A door behind where she sat on the sidewalk opened, and the familiar sound of scuffling feet rounded where she sat and came to rest next to her. "I didn't know that you smoked," a hestitant voice above her murmured. Jillian took a startled look at the offending object for herself. "Well," she paused, searching. "I didn't, either," punctuating her suprise by grinding the remainder of the cigarette into an old gum stain on the pavement.
"I heard you had a seizure," said her friend Anneliese as she seated herself carefully beside her, careful not to disturb the gaps in her long button-up skirt.
Jillian considered her friend's comment carefully. Had she experienced a seizure? And if so, why didn't she recall anything so seeminlgy traumatic?
"I guess I am what I ate for lunch," she said, desperately trying to make sense of things by saying something nonsensical. "What's that?" Anneliese asked, willing to be diverted from investigating an event that obviously bothered her companion.
"Fried vegetables. With a side of what the crap."

Monday, January 12, 2009

Deposit and Withdrawl, part one

Jillian first mistook the approaching figure for a gathering of startled wild birds whose games were often faintly concealed in the tall weeds hedging the back of the Quaker meeting house next door.
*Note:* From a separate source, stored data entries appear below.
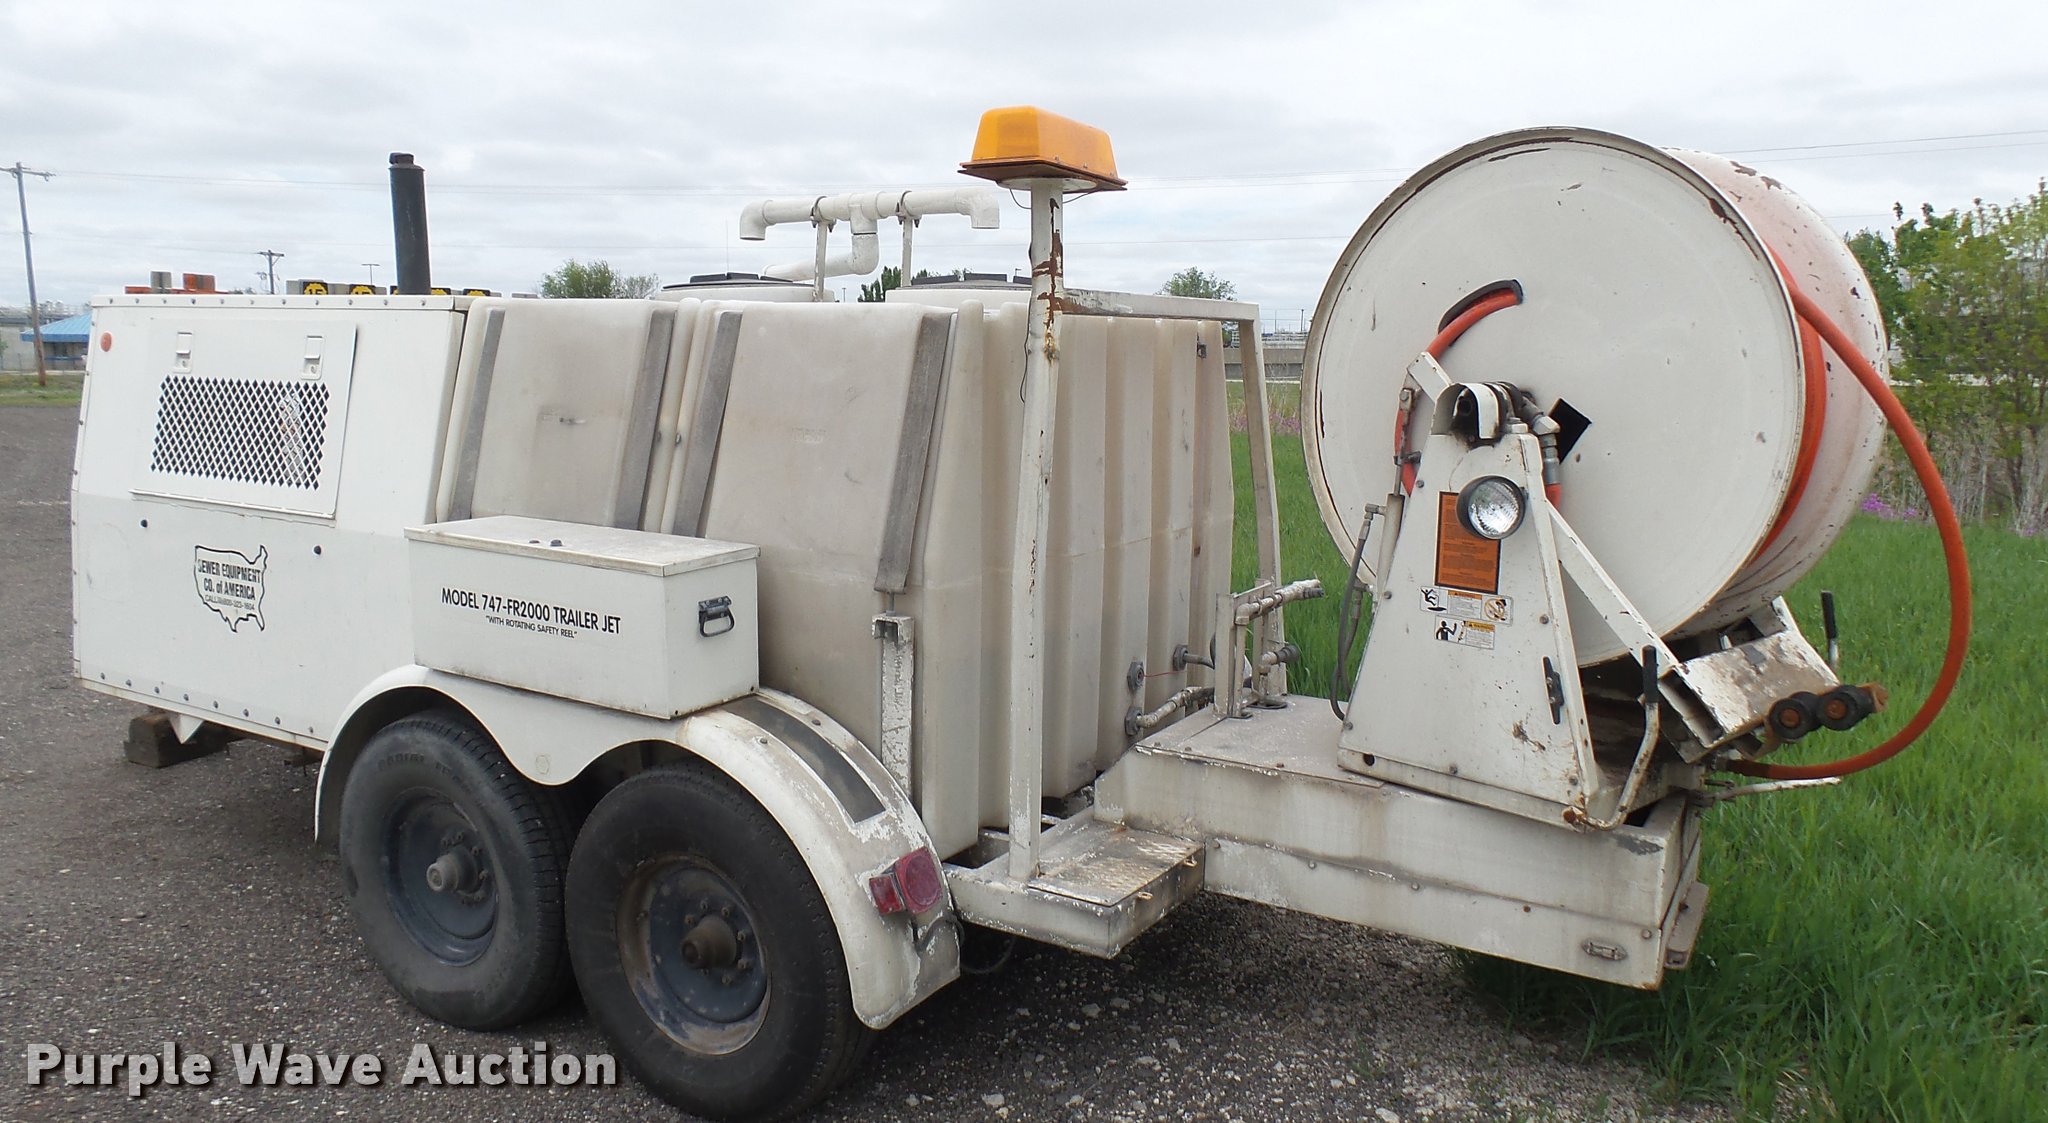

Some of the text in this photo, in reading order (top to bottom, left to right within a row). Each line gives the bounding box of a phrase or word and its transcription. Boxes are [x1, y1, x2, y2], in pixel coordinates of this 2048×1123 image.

[222, 563, 261, 583] EQUIPMENT
[203, 578, 215, 592] CO.
[224, 582, 256, 600] AMERICA
[441, 587, 621, 634] MODEL 747-FR2000 TRAILER JET
[485, 615, 578, 639] "WITH ROTATING SAFETY REEL"
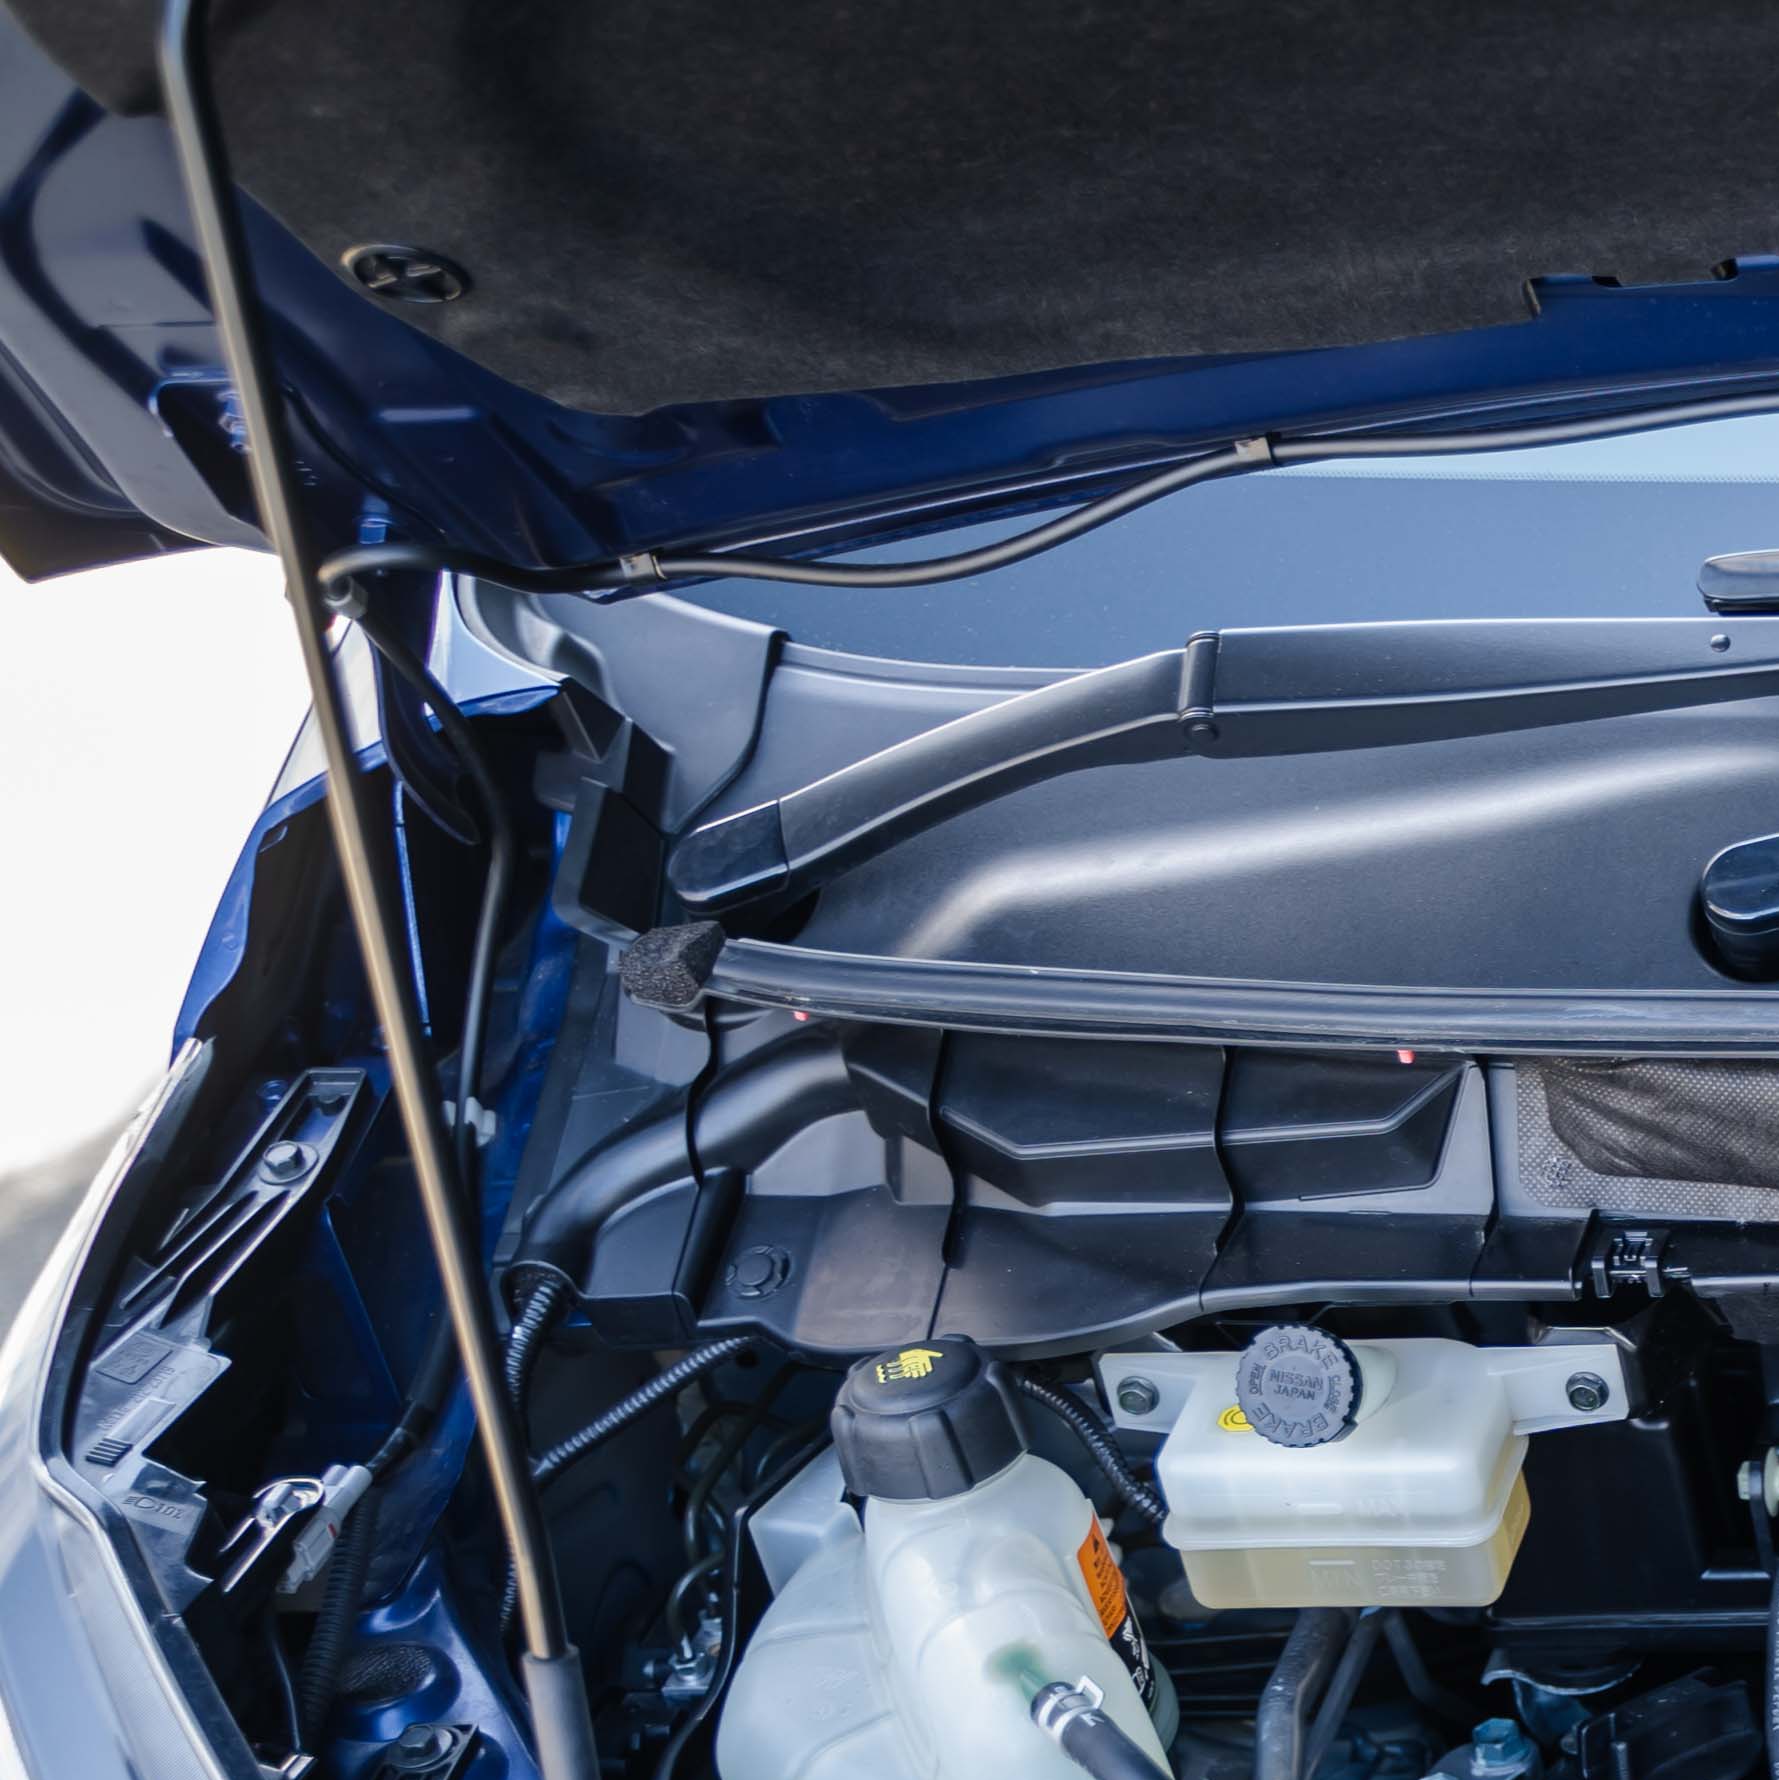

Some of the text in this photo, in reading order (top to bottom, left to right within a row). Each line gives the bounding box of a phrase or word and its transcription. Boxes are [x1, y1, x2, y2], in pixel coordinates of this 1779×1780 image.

[1264, 1335, 1339, 1370] BRAKE
[1269, 1368, 1323, 1391] NISSAN
[1273, 1385, 1316, 1401] JAPAN
She always found herself physically disoriented when she realized the initial impression of her senses had failed her; and now, watching the approaching figure materialize from what her mind had first believed to be a stirring of frightened wrens was enough to disturb the normally lulling rhythm of her work behind bank teller window.

Like the roll of a breaking wave, the bird-shadow suddenly parted its cover of weeds and, to Jillian's fascination and slight astonishment, move with a manner of ethereal bearing over the rubbled pavement cracks of the parking lot. What on earth....her brain began, as her knees felt the sickened urge to sway.

Suddenly aware of the people around her, she began to realize that she was the sole witness to this event. Her mouth opened in an attempt to communicate; her jaw resisted as if it had never opened before. Her brain screamed in confused protest. The figure drifted closer.

And then she saw him. Her urge to panic was muffled by a paralyzing fascination. His skin was barely translucent and warm-toned, just as the flesh of any living creature, yet a rythmic pulse of pink and gold barely beneath its surface reminded her of wheat fields yielding to a gentle wind.

Until he removed his covering, she did not realize that she had not seen his face.